Les travaux meurtriers du lac Ladoga furent pour le peuple des campagnes russes ce que fut la construction des pyramides pour les fellahs de l’ancienne Égypte ; mais le paysan n’en parle qu’avec une tristesse douce et résignée. Voici une chanson qui débute par la peinture mélancolique d’un paysage du nord, et qui se termine par les consolations que les femmes et les vieux parens adressent, hélas ! sans conviction, aux pauvres travailleurs :


« C’est au matin, de grand matin, — c’est au point du jour, — avant le lever du soleil éclatant ; , — les oies et les cygnes ne se sont pas encore — envolés de dessus les lacs et les marais… On leur fait la conduite aux bons compagnons, — les pères, les mères, les jeunes femmes, — les jeunes femmes avec leurs enfans. — On les conduit, on les raisonne : — « Vous, les braves, les bons compagnons, — travaillez pour le tsar blanc, — pour le souverain de Moscou : — il vous donnera salaire et récompense. »


VIII. — PIERRE LE GRAND HEROS DES LEGENDES DU NORD.

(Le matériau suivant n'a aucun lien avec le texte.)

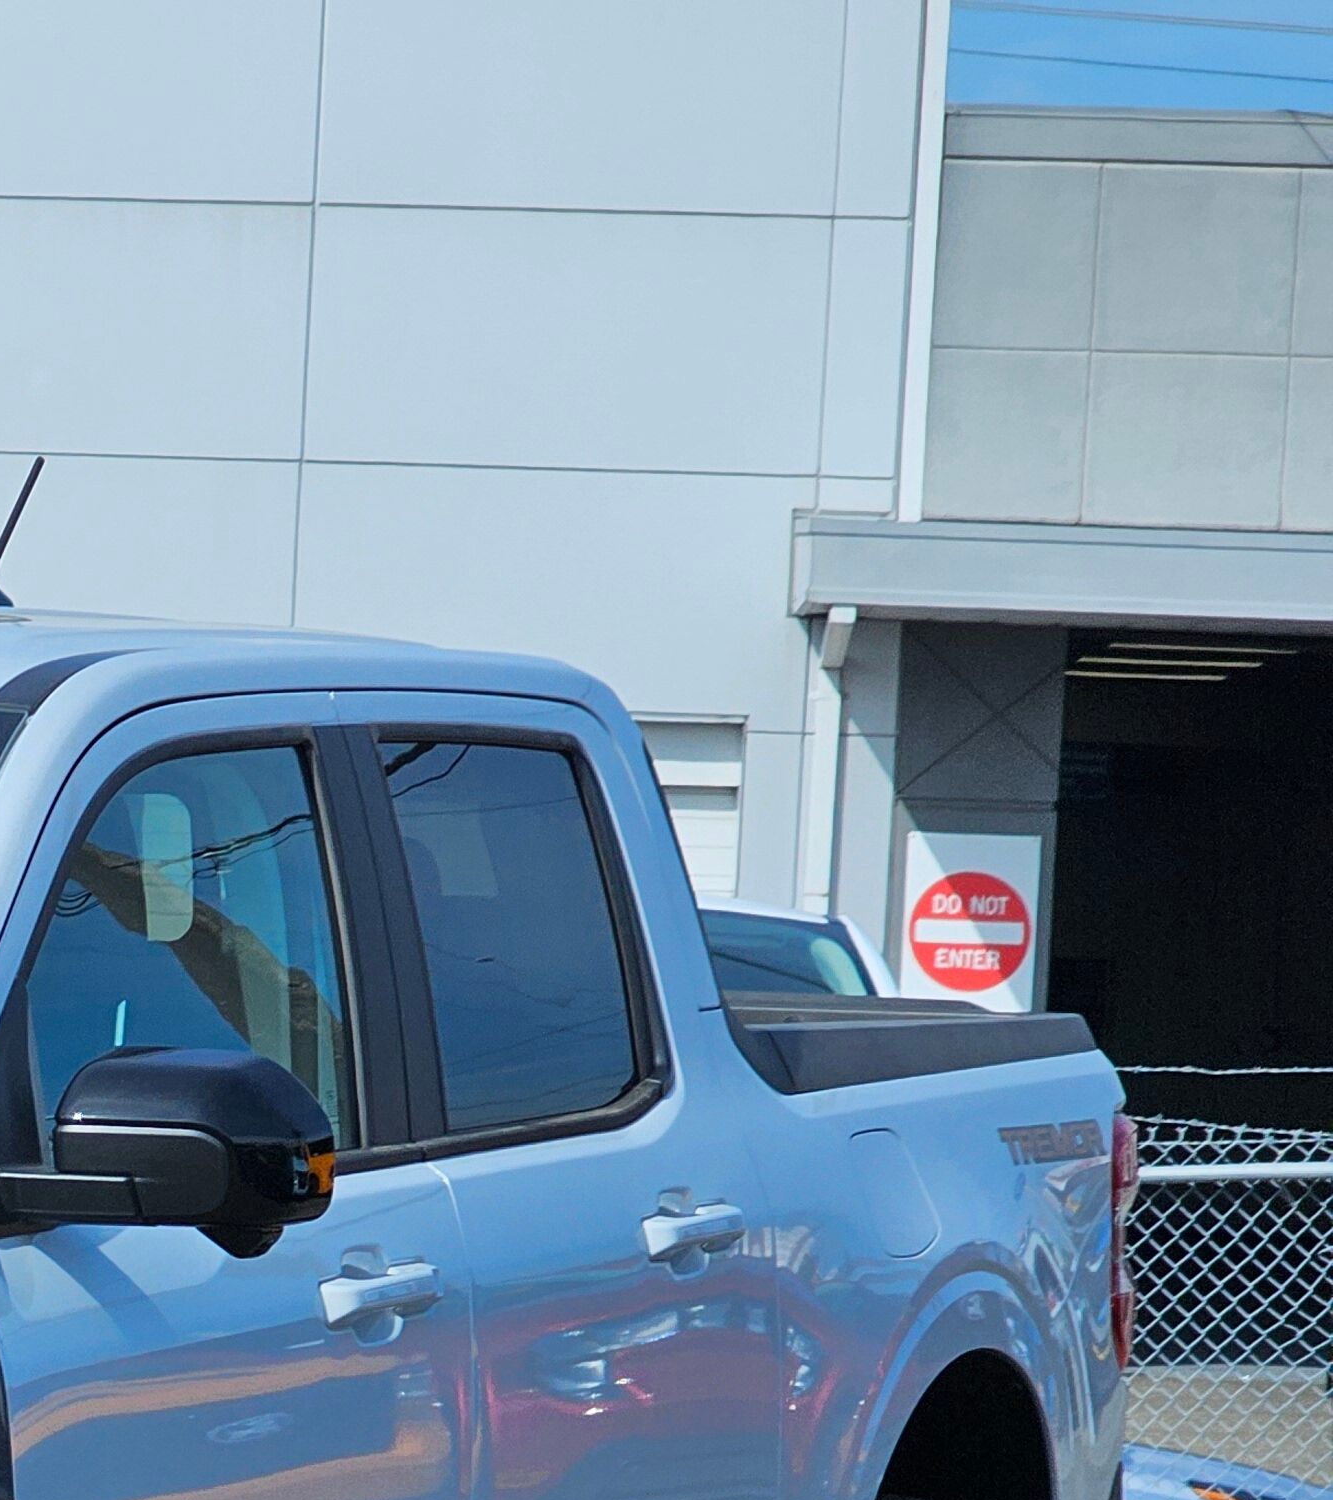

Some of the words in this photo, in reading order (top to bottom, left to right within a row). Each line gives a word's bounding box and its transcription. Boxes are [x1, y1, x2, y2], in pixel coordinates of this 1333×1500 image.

Pour compléter la physionomie de Pierre administrateur, créateur de routes et de canaux, il nous faut recourir à l’ouvrage de M. Barsof : Pierre le Grand dans les traditions du pays septentrional. Les régions de la Mer-Blanche, du Ladoga et de l’Onega sont une mine inépuisable de poésie populaire. Cela tient précisément à ce que cette rude nature et ces rudes habitans ont mieux gardé leur caractère primitif. N’ayant jamais connu le servage, cette nouveauté qui ne remonte guère après tout qu’au XVIe siècle, enclins aux superstitions et portés vers le merveilleux, plongés dans la bonne vieille ignorance, à tel point qu’un homme sachant lire est une rareté sur les bords de l’Onega, tellement respectueux des usages traditionnels qu’ils en sont encore à moissonner non avec des faux, mais avec des faucilles, et à voyager l’été, non en charrettes, mais en traîneaux, les hommes du pays septentrional constituent un admirable milieu épique, où la poésie populaire s’est non-seulement conservée à l’état de tradition, mais a gardé toute son énergie créatrice. C’est là qu’Hilferding allait recueillir dernièrement ses Bylines de l’Onéga, c’est là que M. Barsof lui-même trouvait l’année dernière ses Chants funèbres des pays du nord[1]. Comme

  1. Moscou, 1872.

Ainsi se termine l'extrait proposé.